About Groq
Inference on a chip built only for inference.
Groq was founded in 2016 in Mountain View, California by Jonathan Ross, who designed the original Tensor Processing Unit at Google before starting the company. The architecture began life as the Tensor Streaming Processor and was rebranded to LPU (Language Processing Unit) once large language models took over the workload. Headquarters sits in Mountain View, with offices in San Jose, Liberty Lake, Toronto and London. Note for clarity: Groq the inference company is not the same thing as Grok the chatbot from xAI; the names sound alike, the products are unrelated.

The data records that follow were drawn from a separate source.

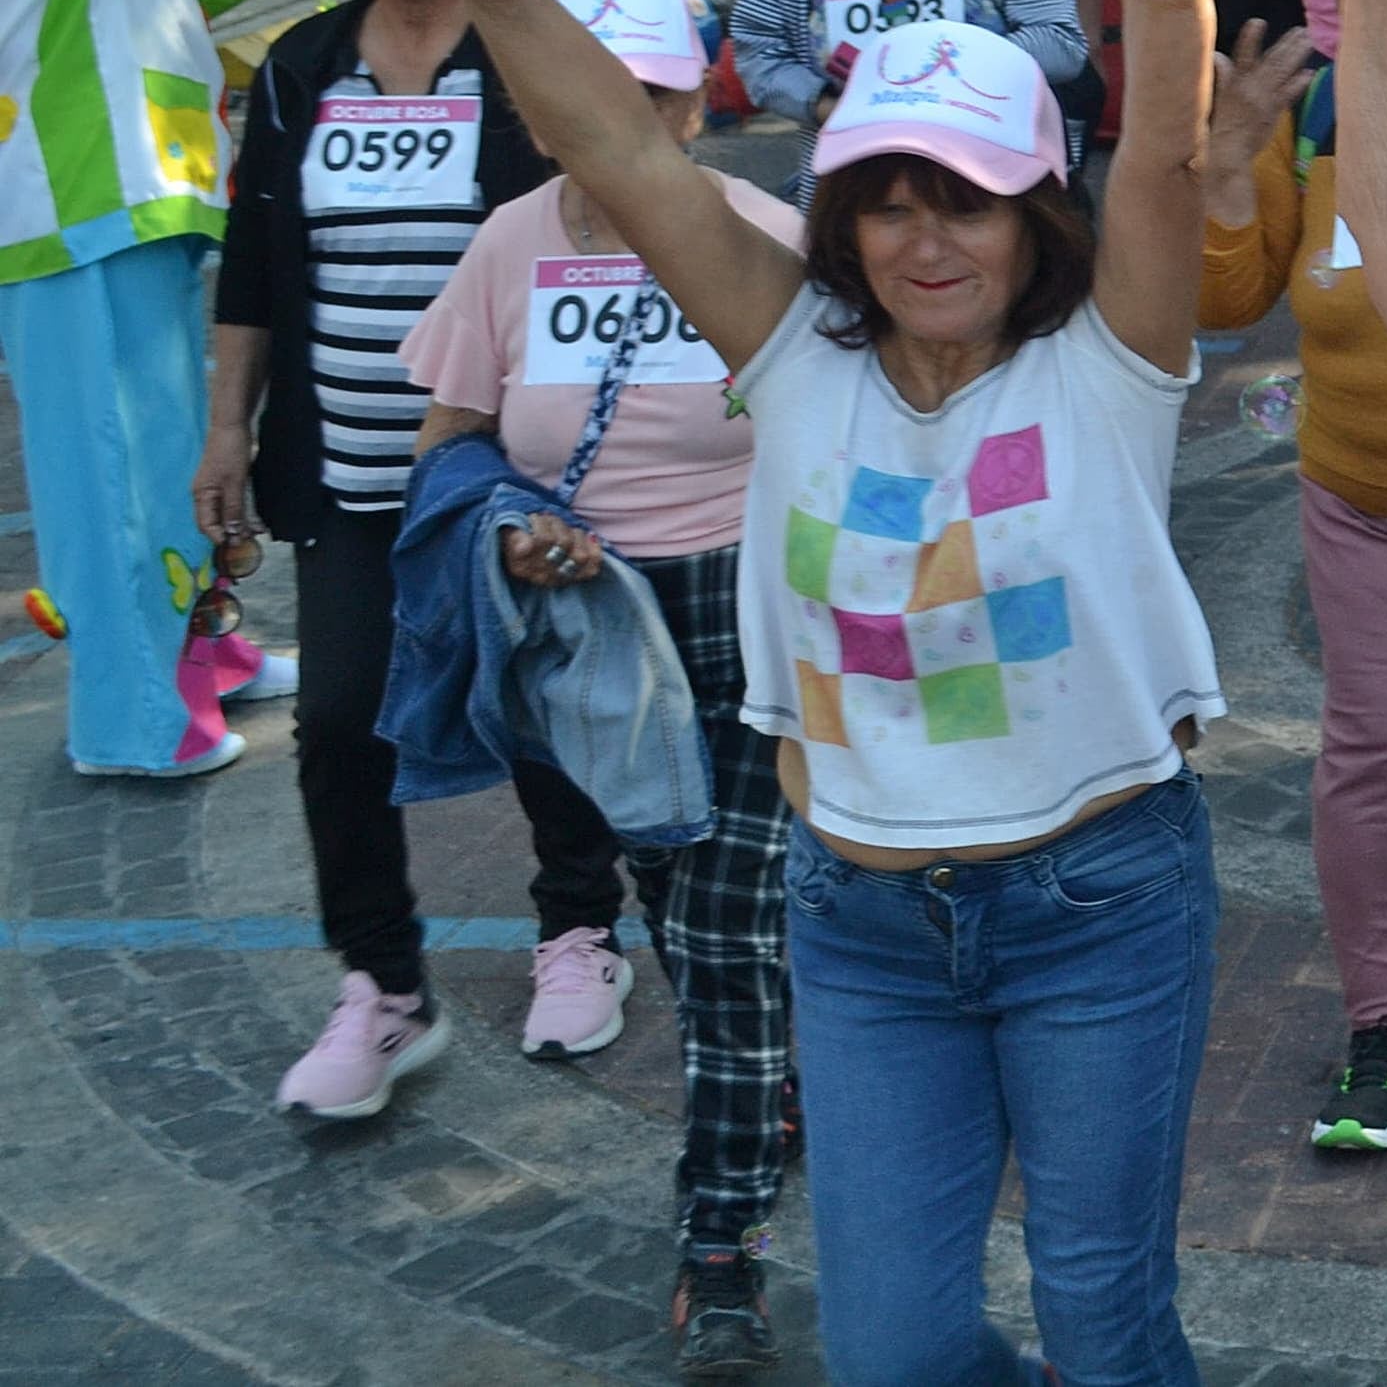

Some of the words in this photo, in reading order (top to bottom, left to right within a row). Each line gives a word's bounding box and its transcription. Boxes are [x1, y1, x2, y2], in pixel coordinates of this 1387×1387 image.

[328, 105, 402, 119] OCTUBRE
[405, 105, 449, 119] ROSA
[323, 128, 454, 172] 0599
[563, 265, 644, 283] OCTUBRE
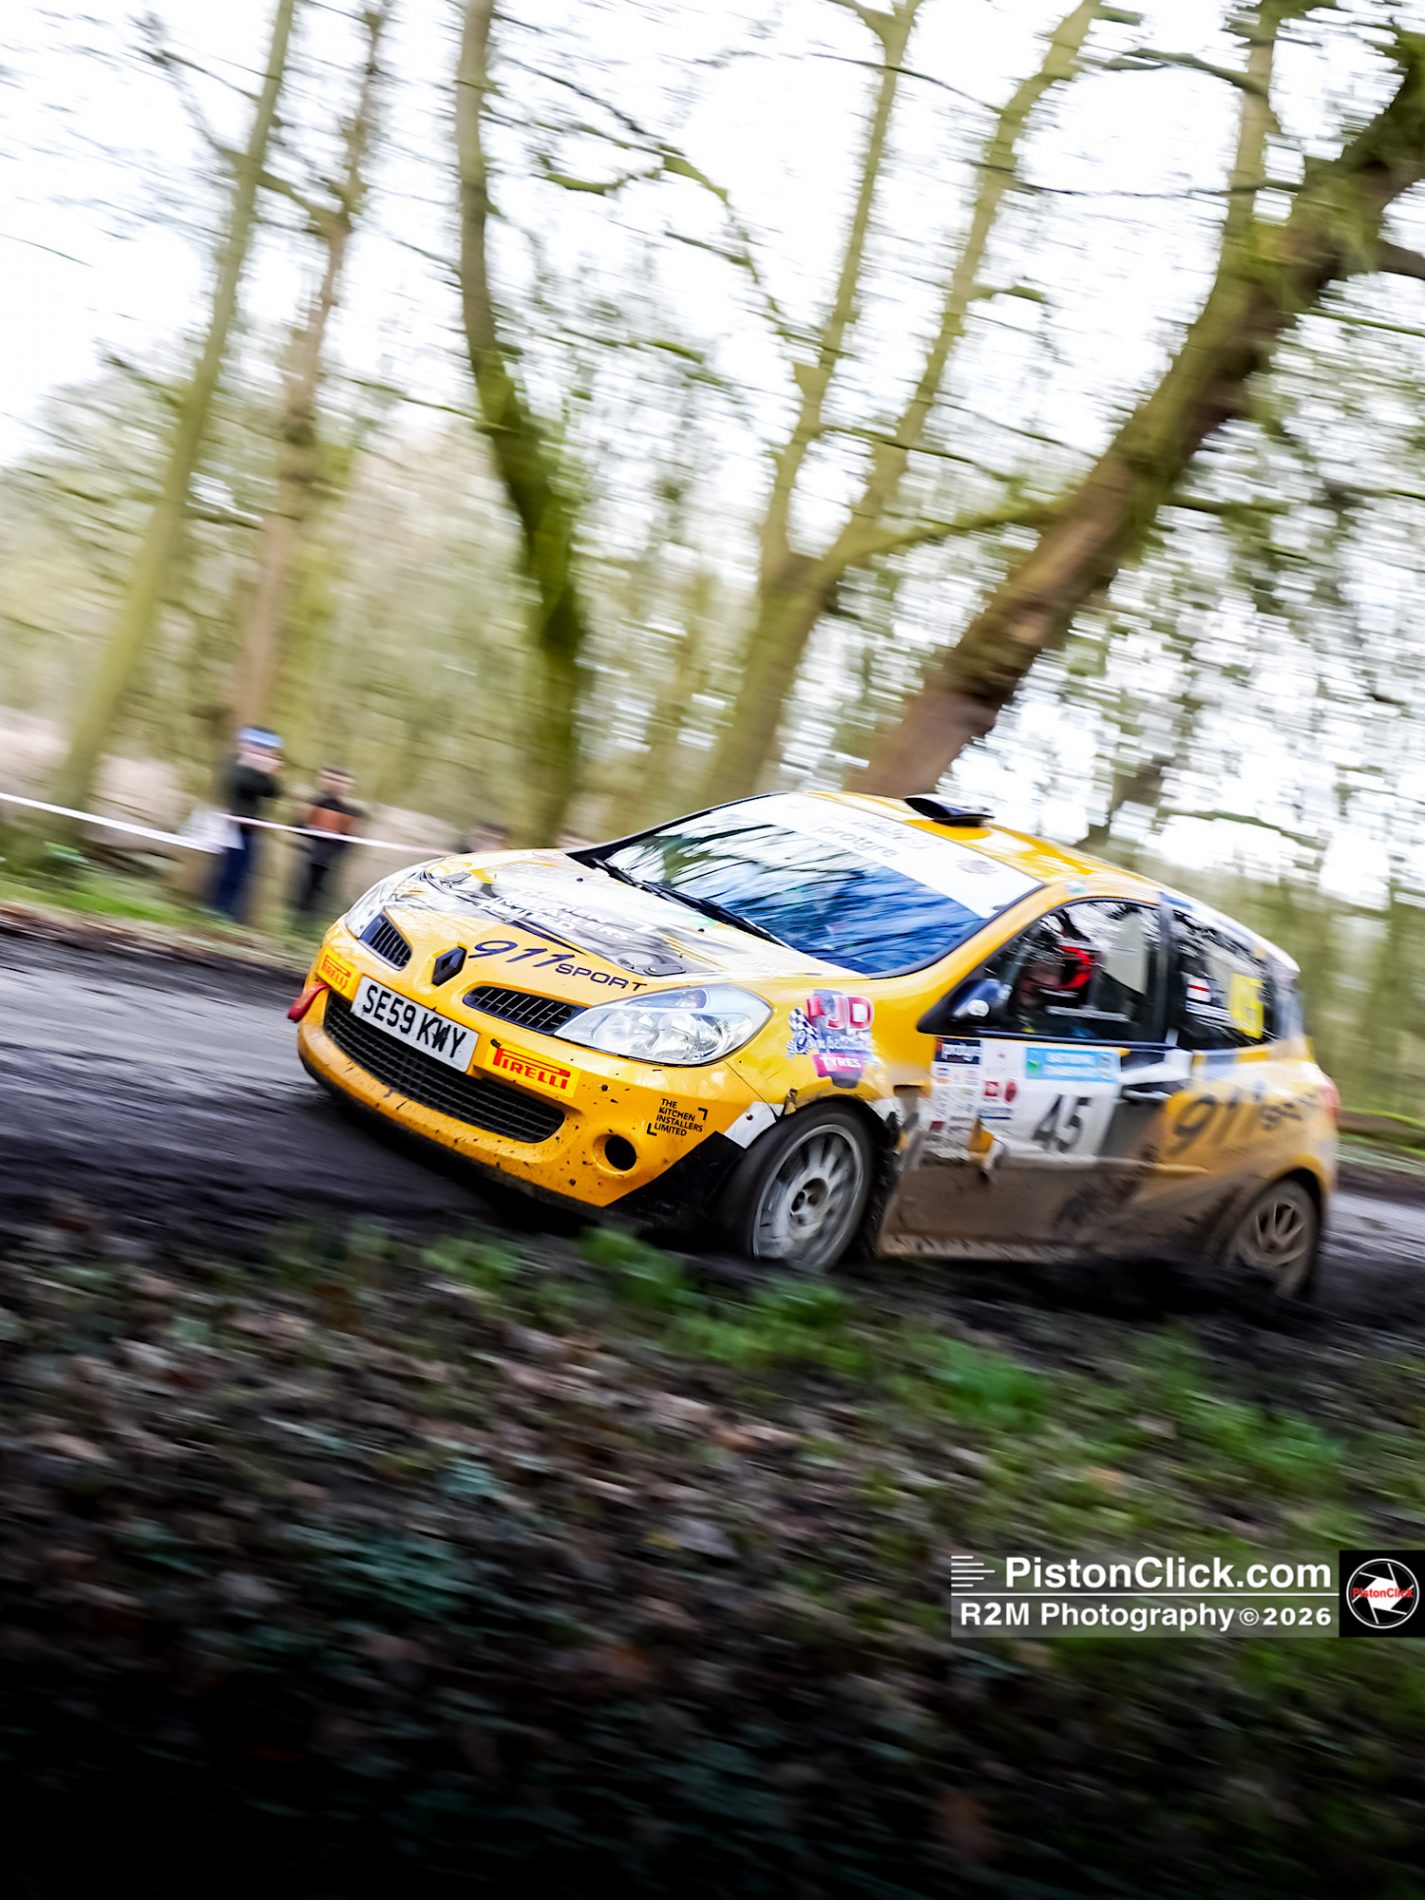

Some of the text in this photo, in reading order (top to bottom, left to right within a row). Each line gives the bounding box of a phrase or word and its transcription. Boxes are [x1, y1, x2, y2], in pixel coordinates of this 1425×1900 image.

[469, 940, 647, 991] 911 SPORT
[362, 984, 467, 1059] SE59 KWY
[493, 1048, 571, 1090] PIRELLI
[819, 1056, 863, 1069] TYRES
[661, 1098, 678, 1109] THE
[656, 1114, 704, 1132] INSTALLERS
[659, 1106, 696, 1122] KITCHEN
[654, 1122, 687, 1136] LIMITED
[1031, 1094, 1092, 1154] 45

The product is GroqCloud, a pay-per-token API that hosts open-weight models on LPU hardware instead of GPUs. The current line-up includes Llama 3.1 8B Instant at around 560 tokens per second, Llama 3.3 70B Versatile at around 280, Llama 4 Scout 17B in preview at around 750, OpenAI's GPT-OSS 120B and 20B at 500 and 1000 respectively, Qwen3-32B at around 400, plus Whisper Large V3 and V3 Turbo for speech-to-text. Groq Compound bundles a model with built-in tools (web search, code execution) at around 450 tokens per second for agent workloads. The LPU is single-architecture, deterministic and built only for inference, which is where the headline tokens-per-second numbers come from. The company licensed its inference technology to Nvidia in late 2025, with Jonathan Ross moving over to lead inference at Nvidia.